Neonatal outcomes in an expectantly managed prospective cohort of late preterm prelabor rupture of membranes
Objective. The aim was to assess the effects of expectant management in women with preterm prelabour rupture of membranes between 34 and 36+6 weeks (LpPROM) in terms of neonatal outcomes (NO). The secondary scope was to assess the risk of neonatal sepsis.
Materials and Methods. This is a multicentric, prospective cohort study that includes singleton infants born to mothers with LpPROM, managed using the same protocol, between January 2021 to August 2022.
The primary NO was a composite of neonatal death, non-invasive or invasive respiratory support, hypoglycaemia, new-born sepsis, confirmed seizures, stroke, intraventricular haemorrhage, basal nuclei anomalies, cardiopulmonary resuscitation, umbilical-cord-blood arterial pH < 7.0 or BE < -12.5, and prolonged hospitalization (5 days). Univariate analysis described the differences according to GA at delivery. Multivariate logistic regression was used to investigate the effects of GA at PROM, and PROM to delivery interval on the NO.

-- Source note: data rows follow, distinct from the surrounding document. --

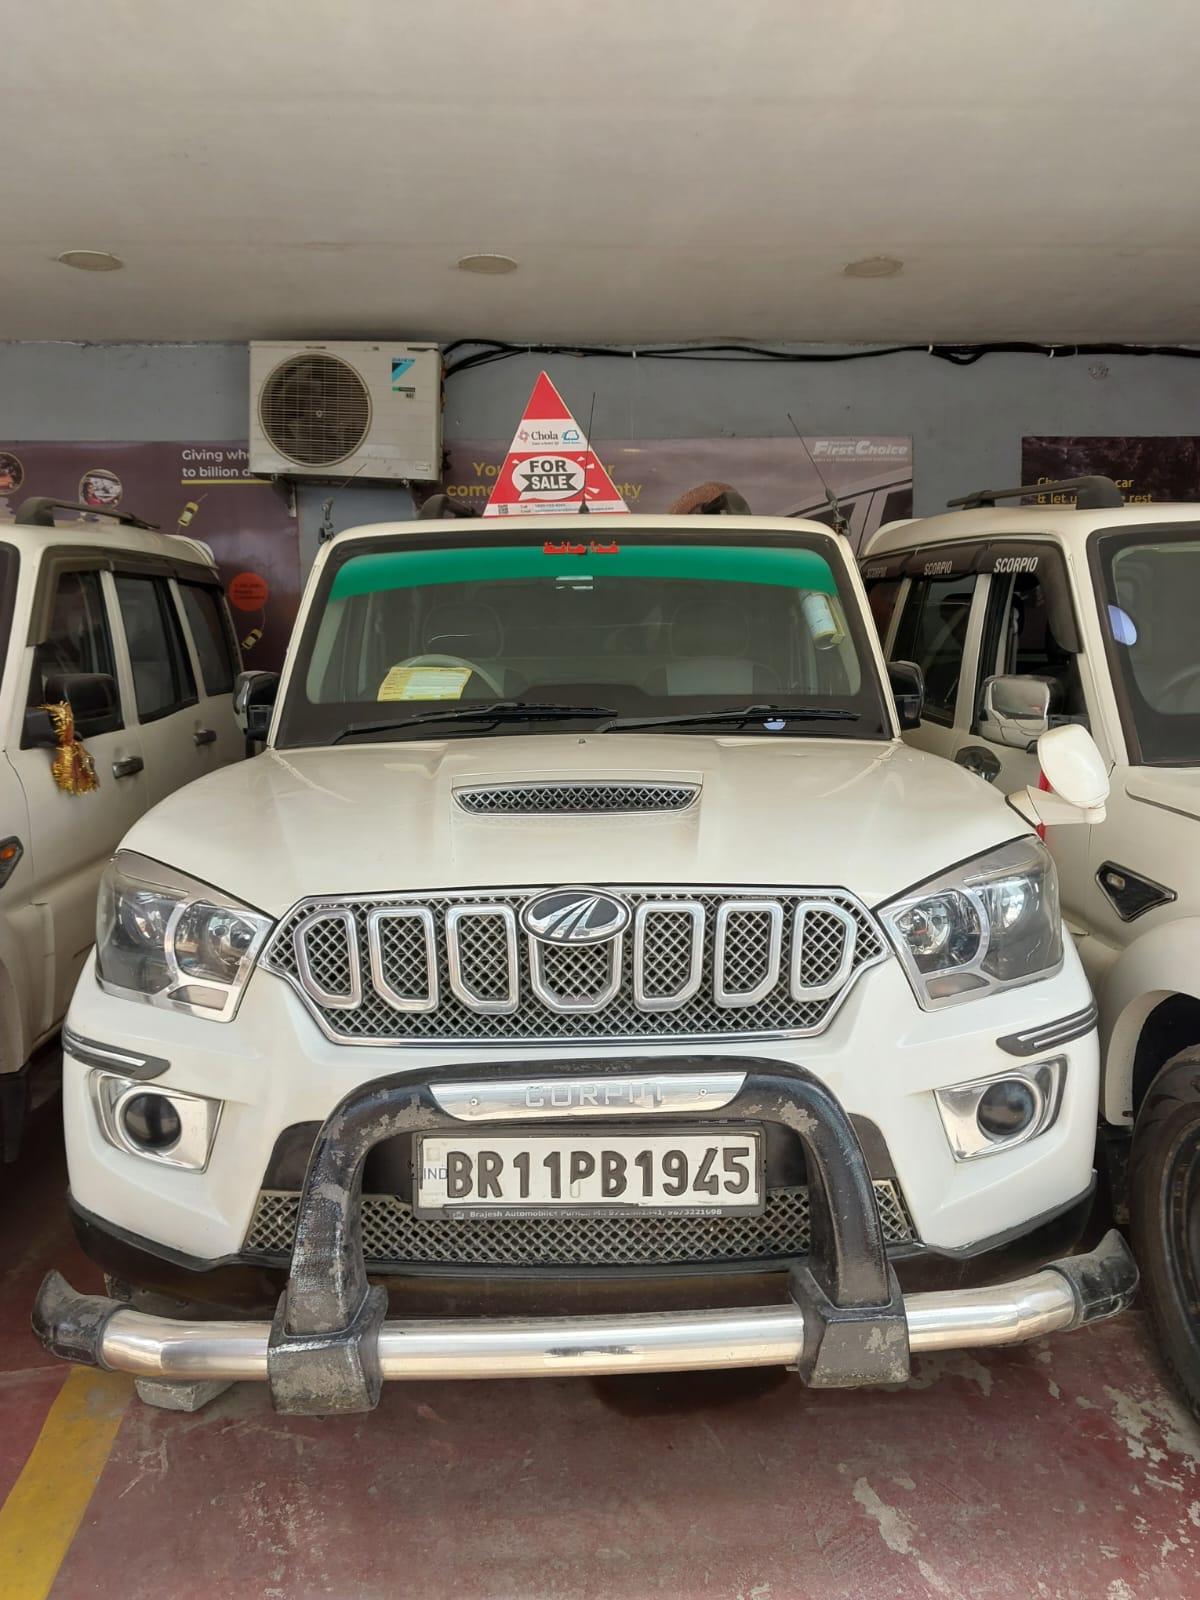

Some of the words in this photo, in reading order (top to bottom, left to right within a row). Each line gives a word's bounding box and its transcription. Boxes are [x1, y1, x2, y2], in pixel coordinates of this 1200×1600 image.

[531, 431, 559, 441] Chola
[182, 449, 223, 463] Giving
[182, 468, 196, 478] to
[200, 466, 239, 478] billion
[529, 460, 568, 473] FOR
[531, 475, 568, 490] SALE
[1115, 479, 1135, 488] car
[1050, 492, 1067, 504] let
[1129, 494, 1153, 504] rest
[923, 560, 953, 576] SCORPIO
[993, 556, 1039, 574] SCORPIO
[423, 1167, 448, 1180] IND
[446, 1146, 751, 1199] BR11PB1945
[469, 1209, 503, 1219] Brajesh
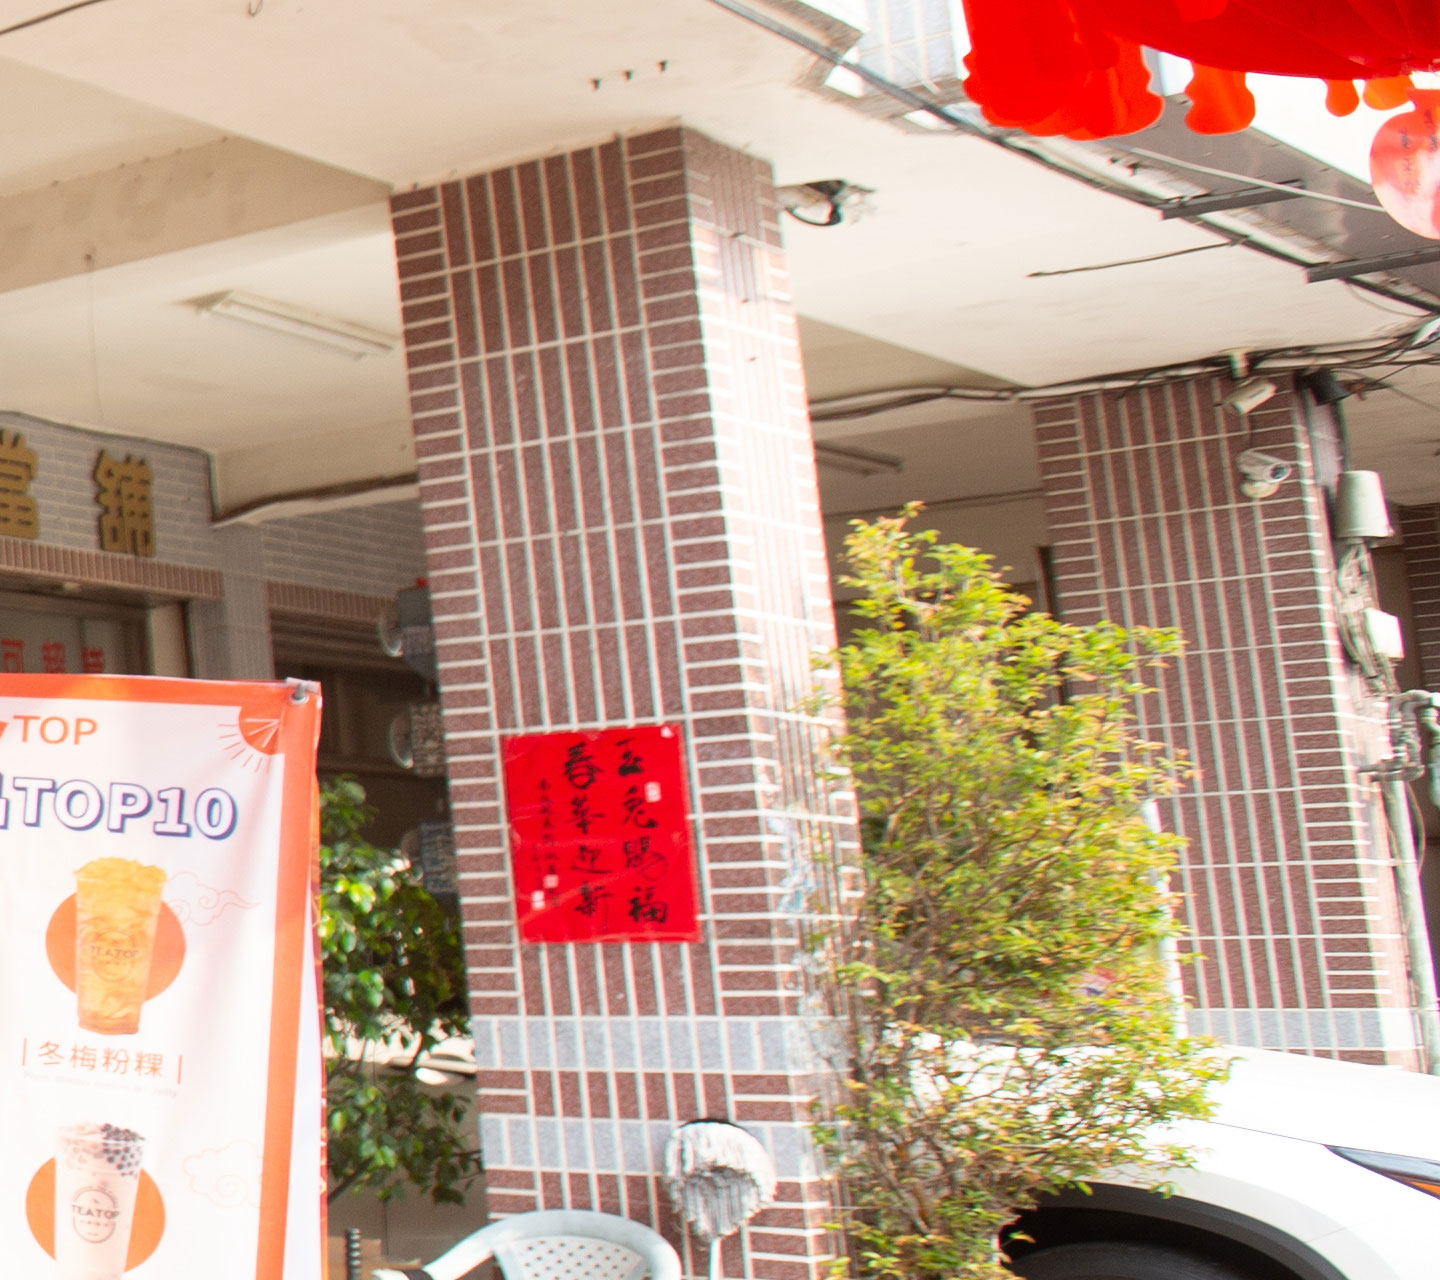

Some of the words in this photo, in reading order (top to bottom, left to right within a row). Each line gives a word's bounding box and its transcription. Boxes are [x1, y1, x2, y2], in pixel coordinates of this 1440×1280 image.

[11, 713, 99, 746] TOP
[37, 1041, 165, 1078] 冬梅粉粿
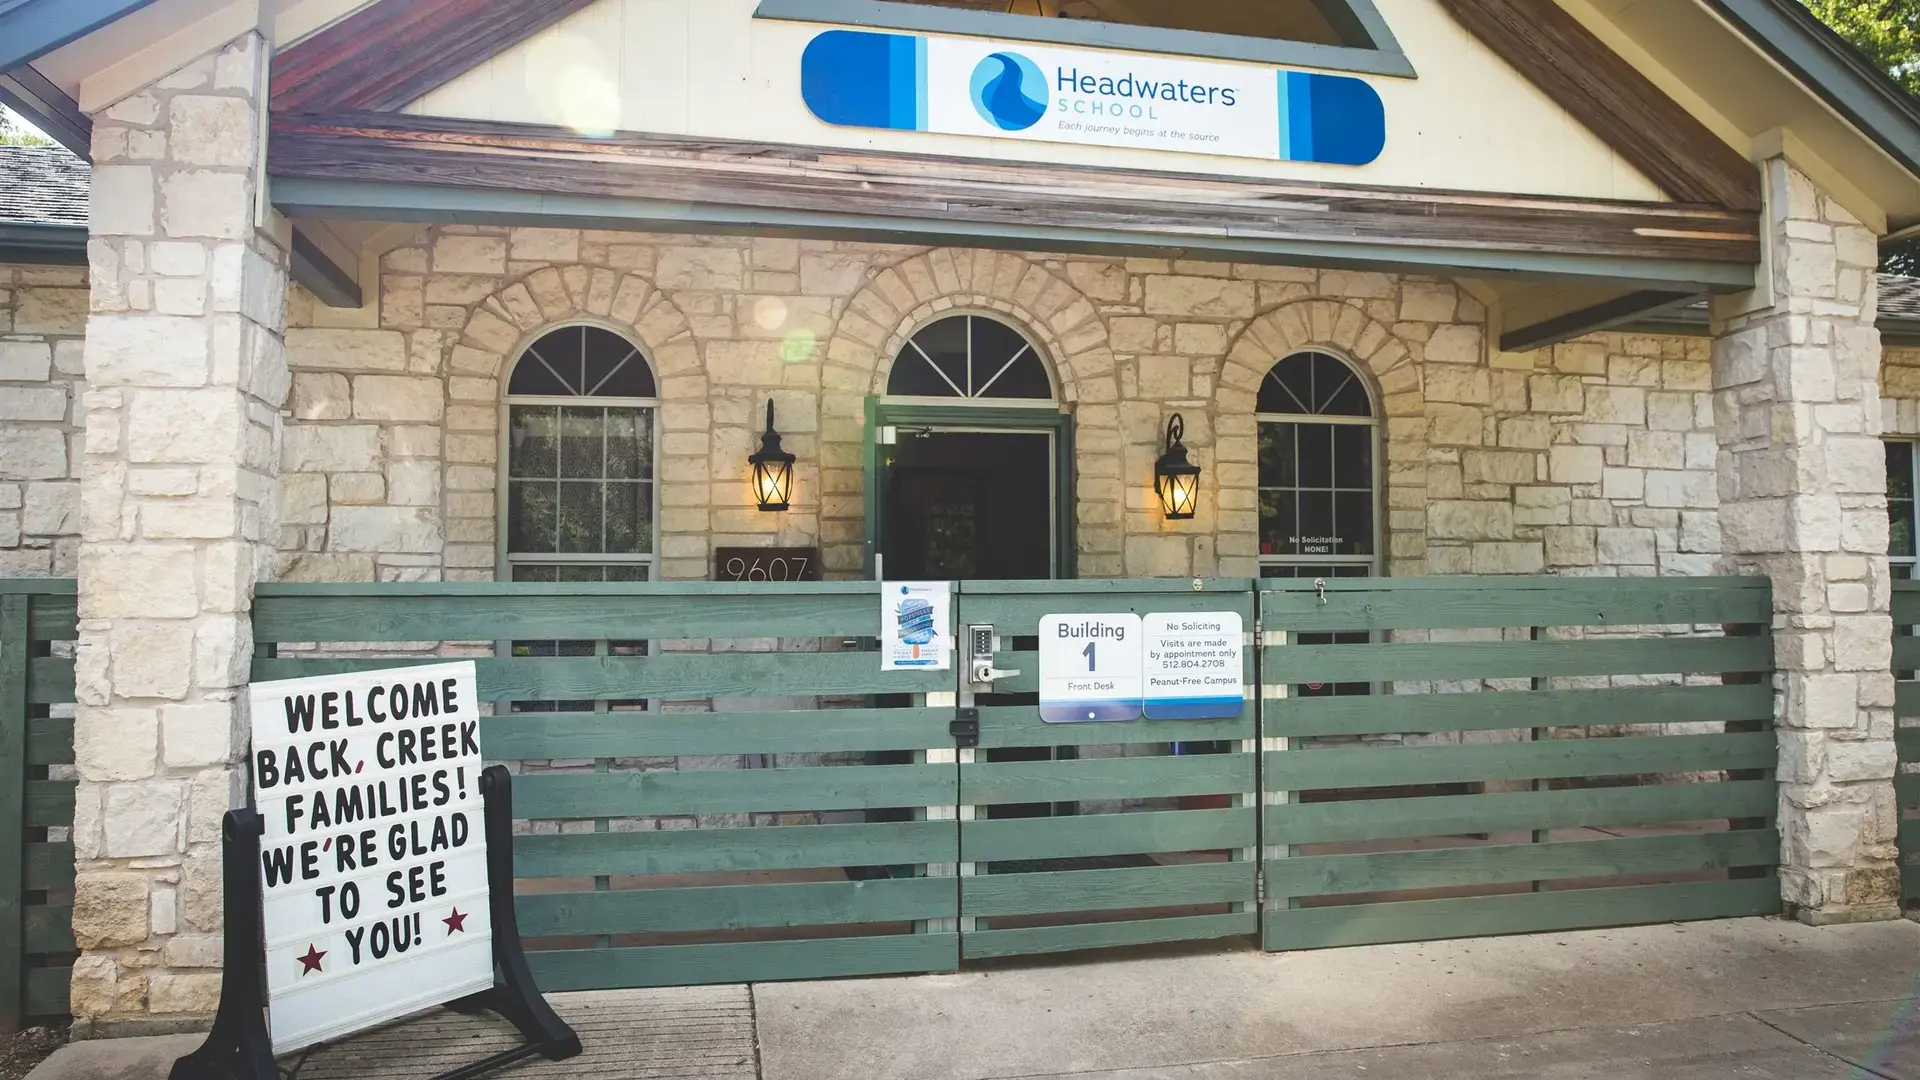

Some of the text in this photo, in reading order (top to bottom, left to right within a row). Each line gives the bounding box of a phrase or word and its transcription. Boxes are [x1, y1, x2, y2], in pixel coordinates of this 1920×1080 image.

[1057, 67, 1236, 107] Headwaters
[1057, 98, 1159, 120] SCHOOL
[1057, 120, 1221, 143] Each journey begins at the source
[1289, 536, 1343, 544] No Solicitation
[726, 557, 809, 581] 9607
[1058, 621, 1125, 641] Building
[1166, 622, 1221, 632] No Soliciting
[1150, 649, 1237, 660] by appointment only
[1160, 639, 1228, 648] Visits are made
[1082, 641, 1096, 672] 1
[1162, 659, 1226, 669] 512.804.2708
[1068, 681, 1115, 691] Front Desk
[1150, 676, 1237, 687] Peanut-Free Campus
[284, 678, 459, 734] WELCOME
[256, 720, 479, 789] BACK, CREEK
[286, 766, 467, 835] FAMILIES!
[262, 812, 469, 888] WE'RE GLAD
[315, 861, 447, 924] TO SEE
[345, 911, 423, 965] YOU!
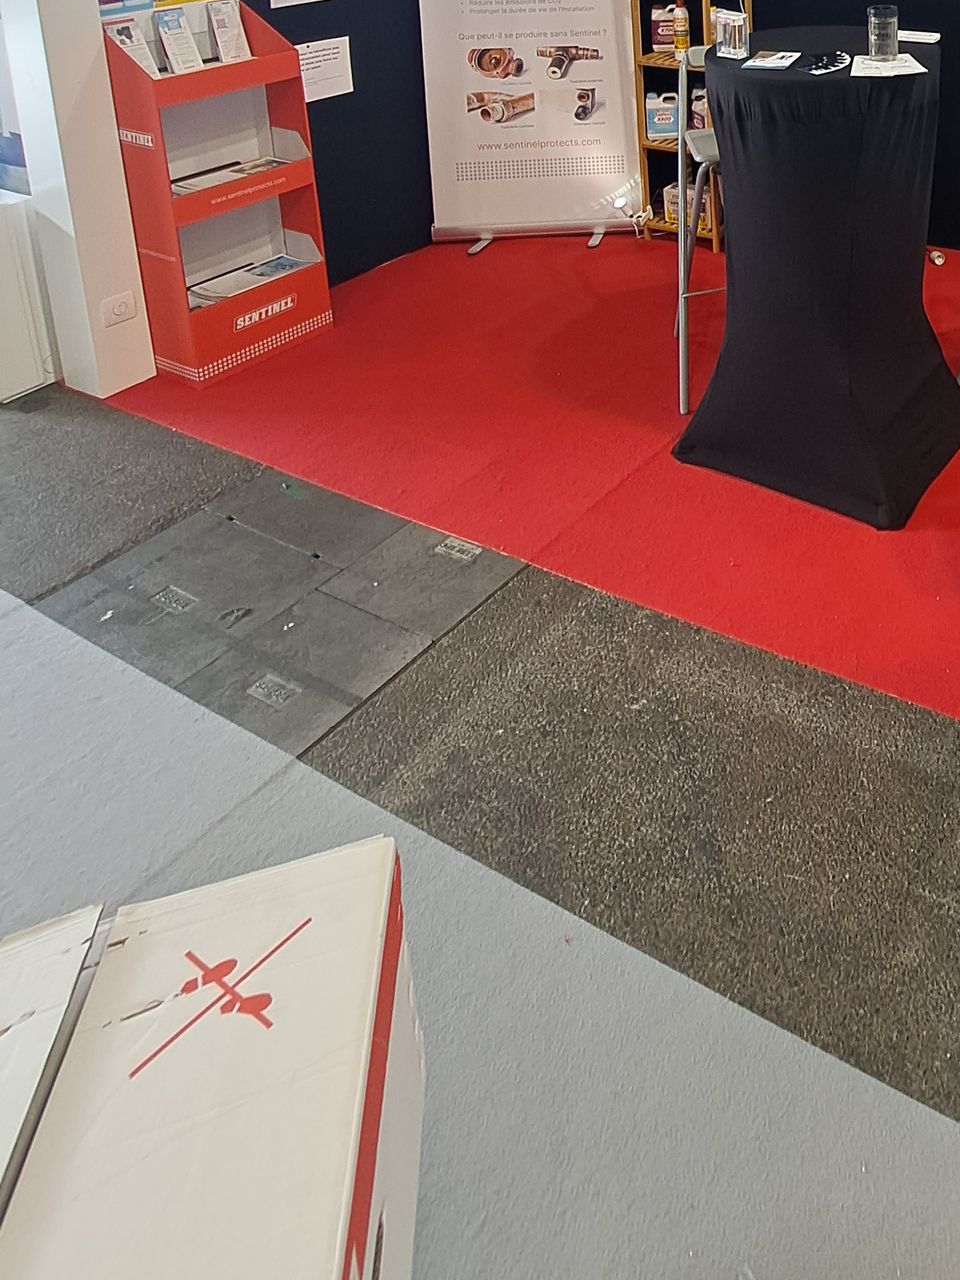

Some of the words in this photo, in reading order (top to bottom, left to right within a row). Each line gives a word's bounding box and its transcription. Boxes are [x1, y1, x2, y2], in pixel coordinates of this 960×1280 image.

Results. 106/170 (62.4%) women with LpPROM did not deliver within 24 hours (expectant management). The median latency duration was 1 day, except for 36-37 weeks (3 days), having no effect on neonatal morbidity. Prevalence of neonatal sepsis was low 2/170 (1.2%) and did not differ between gestational weeks (Table 1). Multivariate analysis also showed, for a weekly increase in gestational age, a reduction of 57% on adverse NO, by adjusting for the new-born weight, PROM to delivery interval and corticosteroid (p = 0.004).
Conclusions. Expectant management of LpPROM should be encouraged because each passing week, significantly reduces the risk of adverse NO; moreover, the risk of neonatal sepsis does not increase in different gestational periods.